Green: Or into a new normal. That phrase, “new normal,” I feel has become a trope. There’s this desire to have this story where somebody has it all and loses it all, and hopefully gets something back. And the main point of it is to inspire non-disabled people. That’s a big trope. Oh my gosh, I feel overloaded by how many tropes are in my head. I can’t fish out any more.

Miller: Then, let me flip it around. What do you think is missing? What do you want to see? What do you want to put out in the world yourself?

Green: I definitely want to see more stuff that is made where the leadership of making the art is people with disabilities, disabled people, deaf people. And I want it to be made accessibly. A lot of stories, a lot of films get made and they don’t caption it or they don’t leave any moments of silence for the audio description to come in. Even disability stories sometimes are still not made in an accessible way for our community to enjoy them and feel immersed in them.

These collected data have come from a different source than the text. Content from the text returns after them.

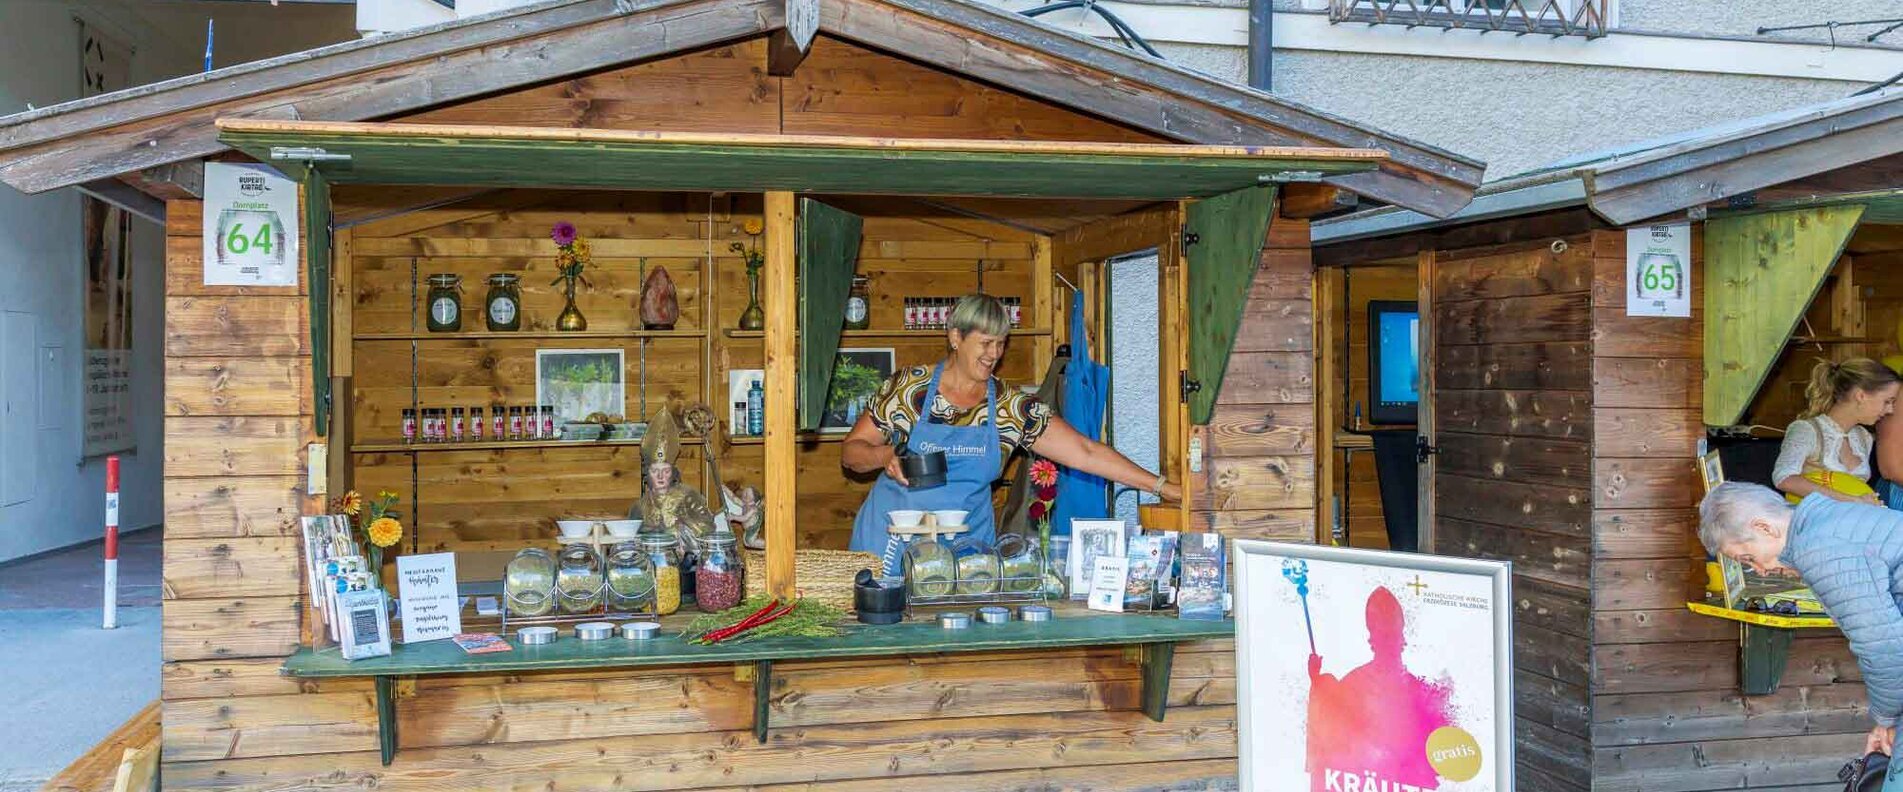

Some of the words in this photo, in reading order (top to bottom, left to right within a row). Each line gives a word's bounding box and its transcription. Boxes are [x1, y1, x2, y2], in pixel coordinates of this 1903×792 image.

[233, 201, 269, 209] Domplatz
[227, 223, 273, 255] 64
[1643, 264, 1674, 290] 65
[952, 444, 987, 454] Himmel
[1431, 744, 1475, 763] gratis
[1325, 768, 1437, 792] KRÄUT
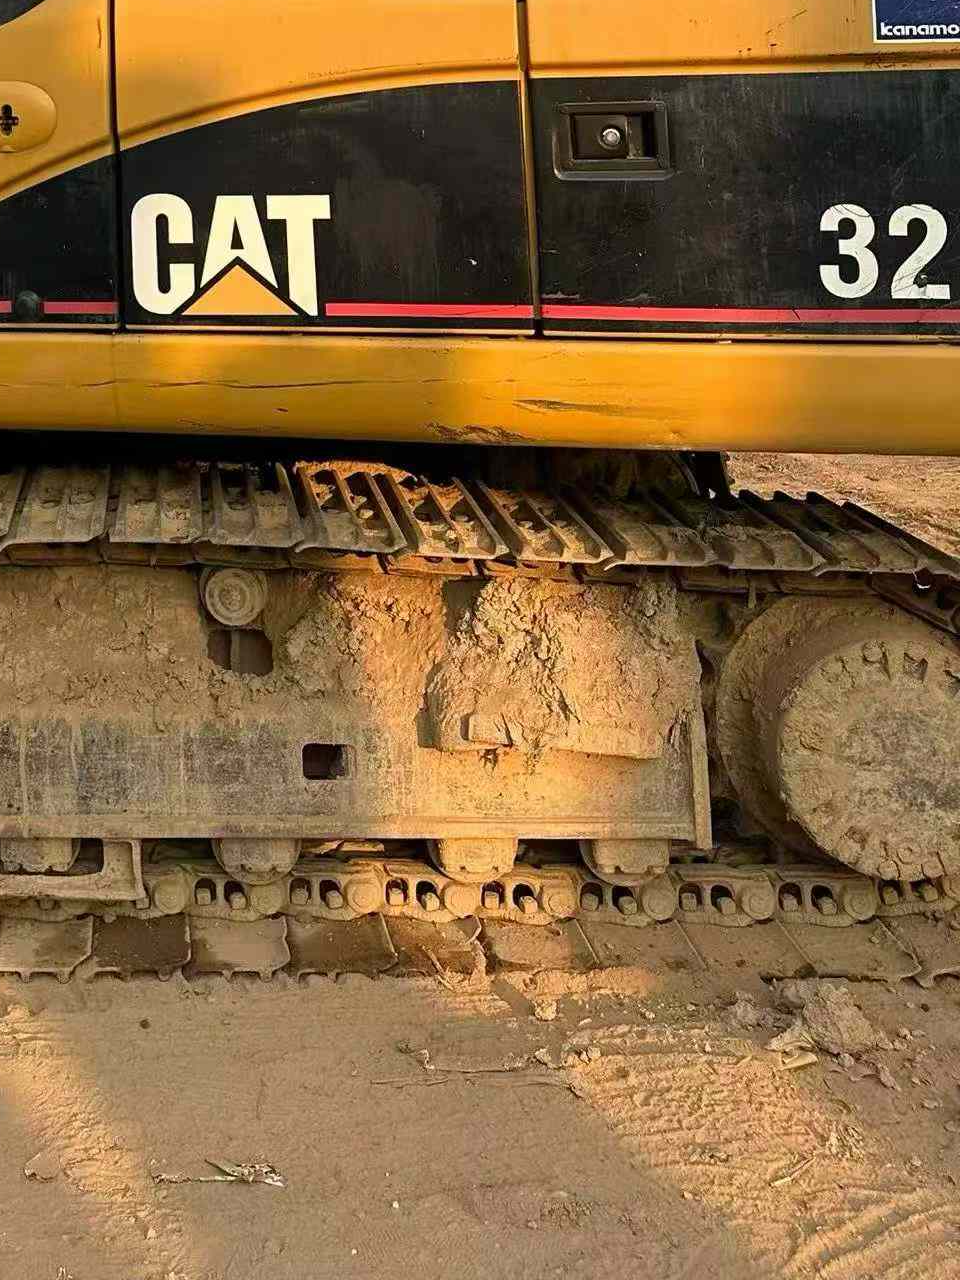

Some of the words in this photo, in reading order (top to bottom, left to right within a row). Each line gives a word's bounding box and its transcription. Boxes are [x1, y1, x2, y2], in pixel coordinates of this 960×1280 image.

[880, 22, 960, 36] kanamo
[131, 193, 331, 317] CAT
[820, 204, 951, 300] 32
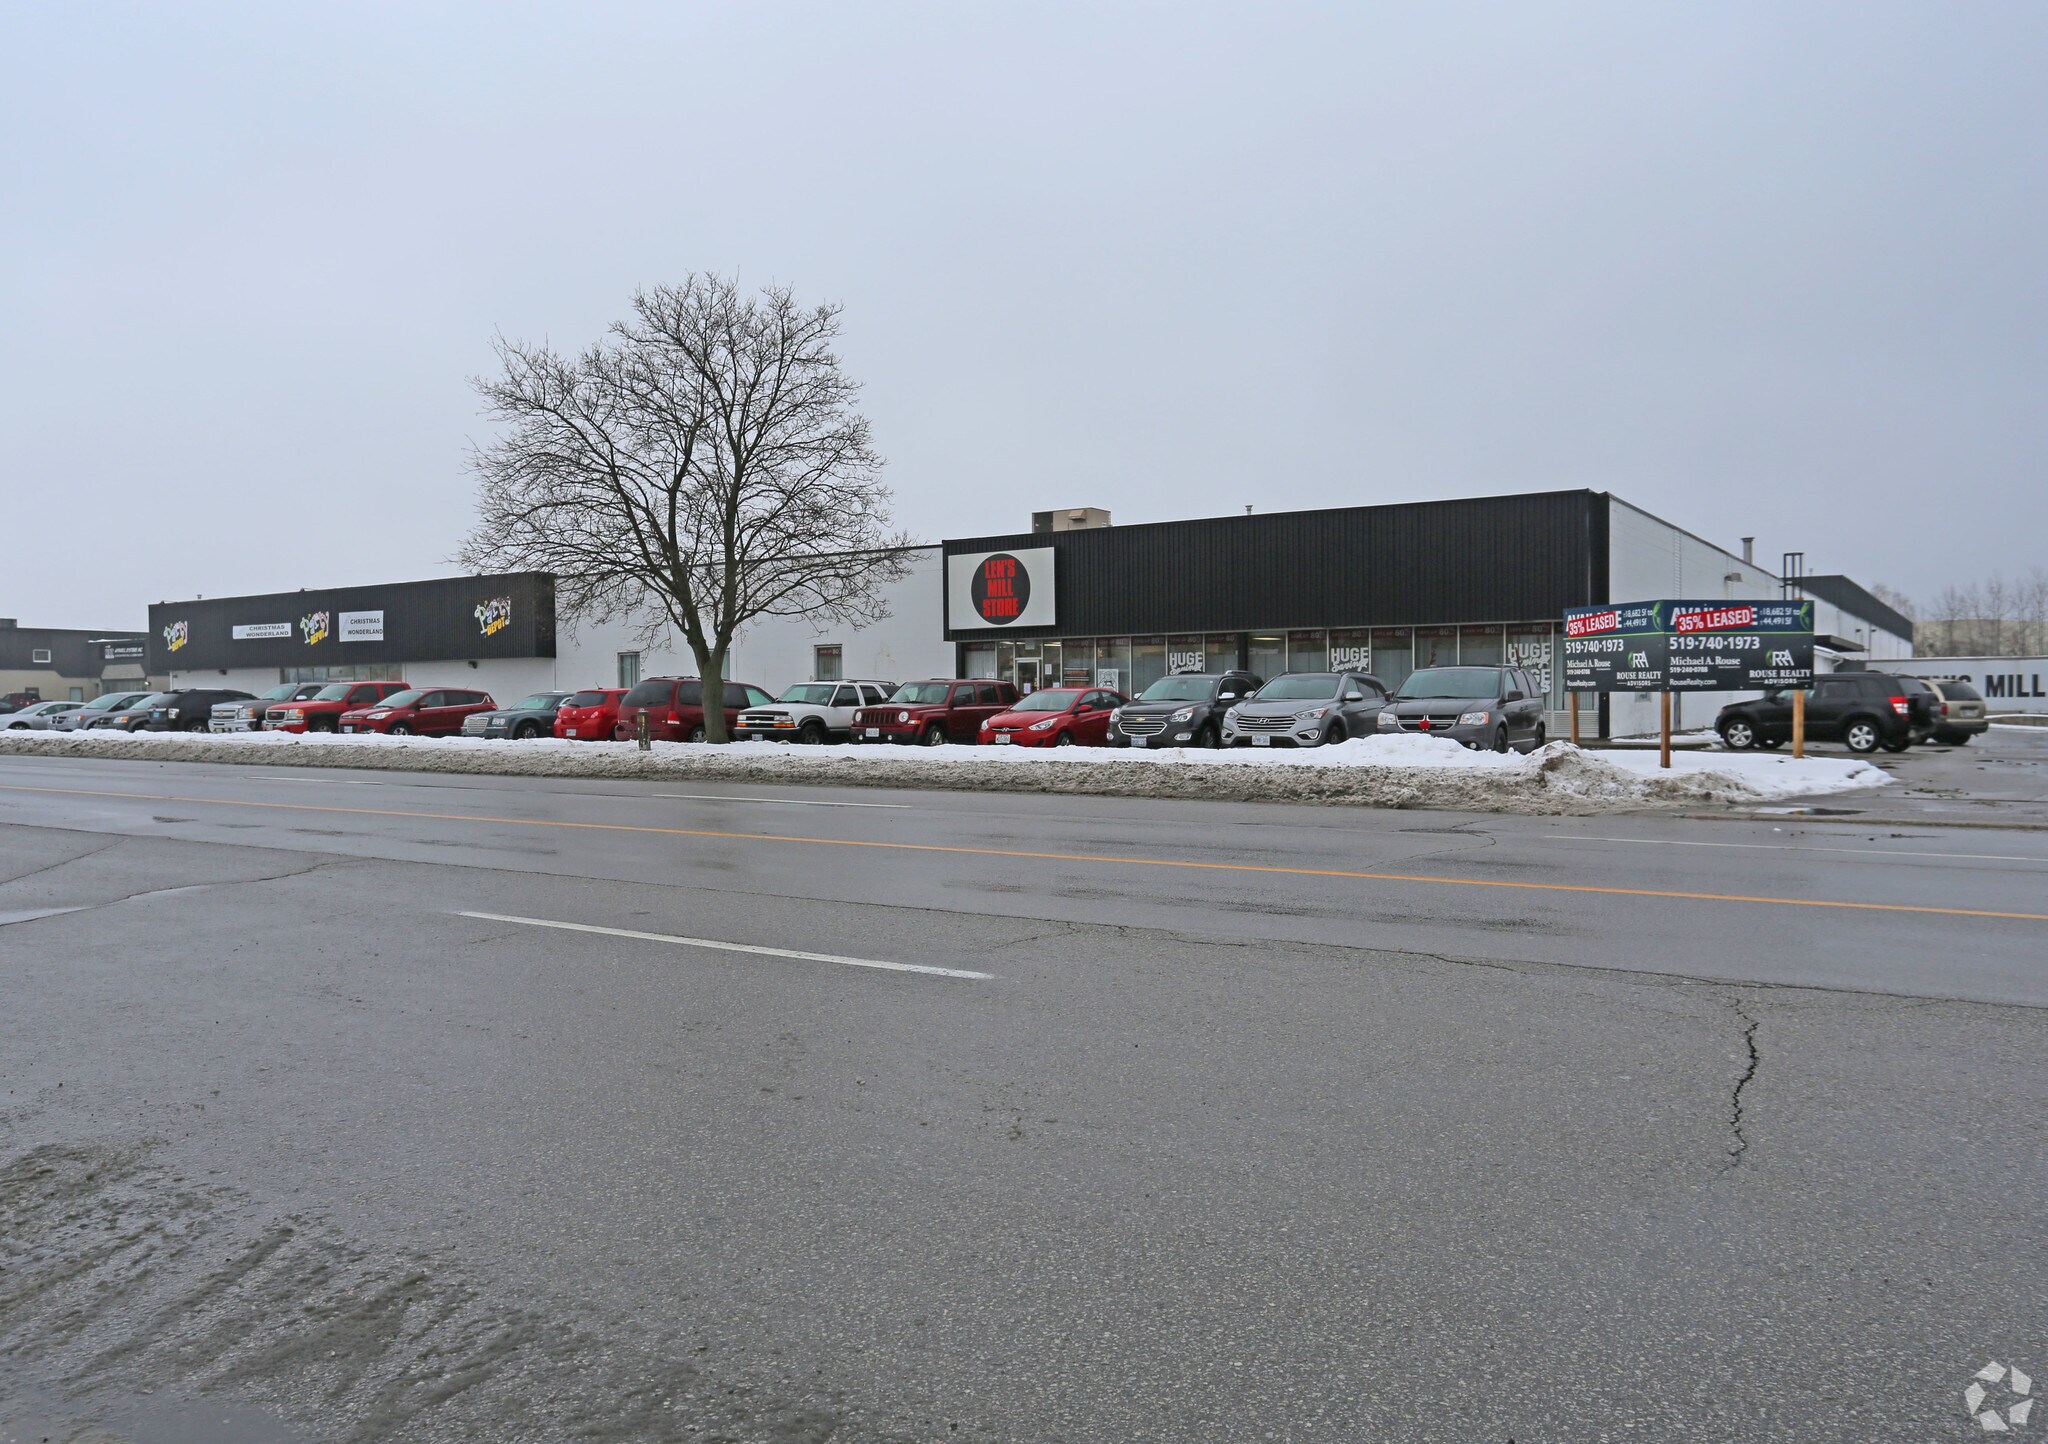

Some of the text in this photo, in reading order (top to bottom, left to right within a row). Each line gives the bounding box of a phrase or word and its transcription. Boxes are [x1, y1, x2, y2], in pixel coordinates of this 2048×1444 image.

[985, 559, 1016, 578] LEN'S
[987, 578, 1013, 597] MILL
[983, 597, 1018, 617] STORE
[1569, 620, 1585, 635] 35%
[1586, 614, 1614, 632] LEASED
[1680, 615, 1704, 631] 35%
[1706, 609, 1751, 628] LEASED
[1331, 647, 1368, 662] HUGE
[1508, 643, 1550, 658] HUGE
[1169, 652, 1202, 666] HUGE
[1331, 658, 1368, 672] Savings
[1567, 660, 1587, 668] Michael
[1594, 659, 1611, 667] Rouse
[1670, 656, 1740, 665] Michael A. Rouse
[1617, 671, 1662, 680] ROUSE REALTY
[1749, 669, 1811, 678] ROUSE REALTY
[1669, 679, 1717, 687] RouseRealty.com
[1985, 674, 2045, 698] MILL
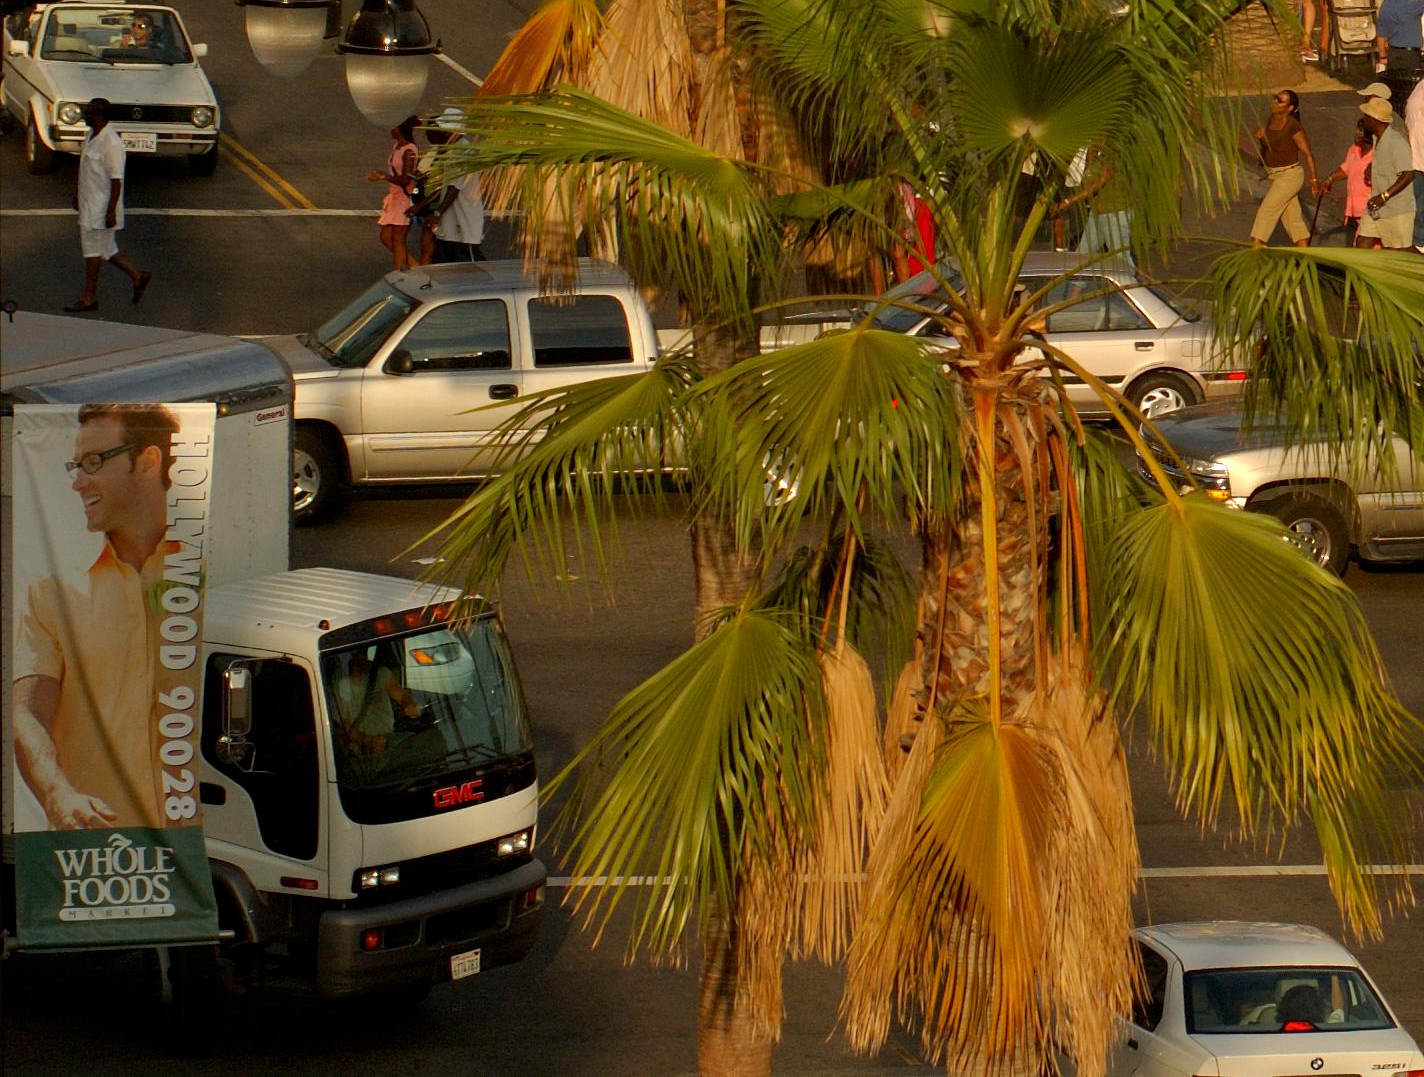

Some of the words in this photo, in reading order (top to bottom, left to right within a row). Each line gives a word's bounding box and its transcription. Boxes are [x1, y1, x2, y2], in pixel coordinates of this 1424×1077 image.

I definitely want to see more brain injury stories that don’t show photographs of people in hospitals or car wrecks. I did make a film that had that. But I co-made it with Karl Moritz, a Portlander, and he wanted that in his film. So we put those photographs in there. But I want to see more films that don’t have gory stories. And I want more stories that are for the disability community, that don’t have to cater to non-disabled people. And let me explain myself. I want us to see us on screen for us a little more. It’s all welcomed and it’s all needed.

Miller: We’re gonna be talking tomorrow on the show about Oregon’s new brain injury navigation program, which helps connect brain injury survivors to a whole array of support services. You advocated for that program as part of your role in the Oregon Brain Injury Council. What are your hopes for what this is going to mean in the coming years?

Green: Oh, I’m so excited about this program, and I had fun going to D.C. and meeting with senators and representatives to talk about it. What I hope is, like that clip that you played of Dani, that anyone in her situation will never have to say those things, that they can call the resource navigation line and get set up immediately with people who can guide them through. What are all the areas where you need some support or you feel like you’re not reaching your goals? Here are the resources to get you there so that you don’t feel like the biggest thing in your life is what you’re missing.

I have huge hopes for it. We have great conversations at the monthly meetings and hear about how many people are calling and getting connected to the resources they want. It’s incredible. I mean, there are so many resources I knew about before my brain injury that I couldn’t remember or didn’t know I could qualify for after. And I was slow to get set up with some of those resources. People are going to get them faster now.

Miller: We started by talking about what you had lost or what changed, in serious and negative ways, from your brain injury. Are there also things that you feel like you’ve gained that you’re happy that you have now?

Green: Oh, it’s a complicated question. I love the community that I’m in. This was not the career trajectory that I was on. And because I couldn’t go back to my job at OHSU, I had the opportunity, because I had financial support from loved ones and family, to remake myself, to try a new career, to get a lot of counseling in that early time. I wasn’t working, so I had time for rehabilitation and counseling to get through the transition, and that was really great. There are still tools that I use today.

I don’t think that any of the physical or sensory changes I’ve had are positive, other than the hallucinations. But I don’t get those as much anymore. I don’t think it’s positive, no. But I think that the life course that I’ve been able to go on has a lot of positives, and has a lot of growth and learning in it.

Miller: Cheryl, thanks so much for joining us. I really appreciate your time.

Green: Thank you so much.

Miller: Cheryl Green is an access artist with a focus on creative captions and audio description. She’s also a podcaster and a documentary filmmaker.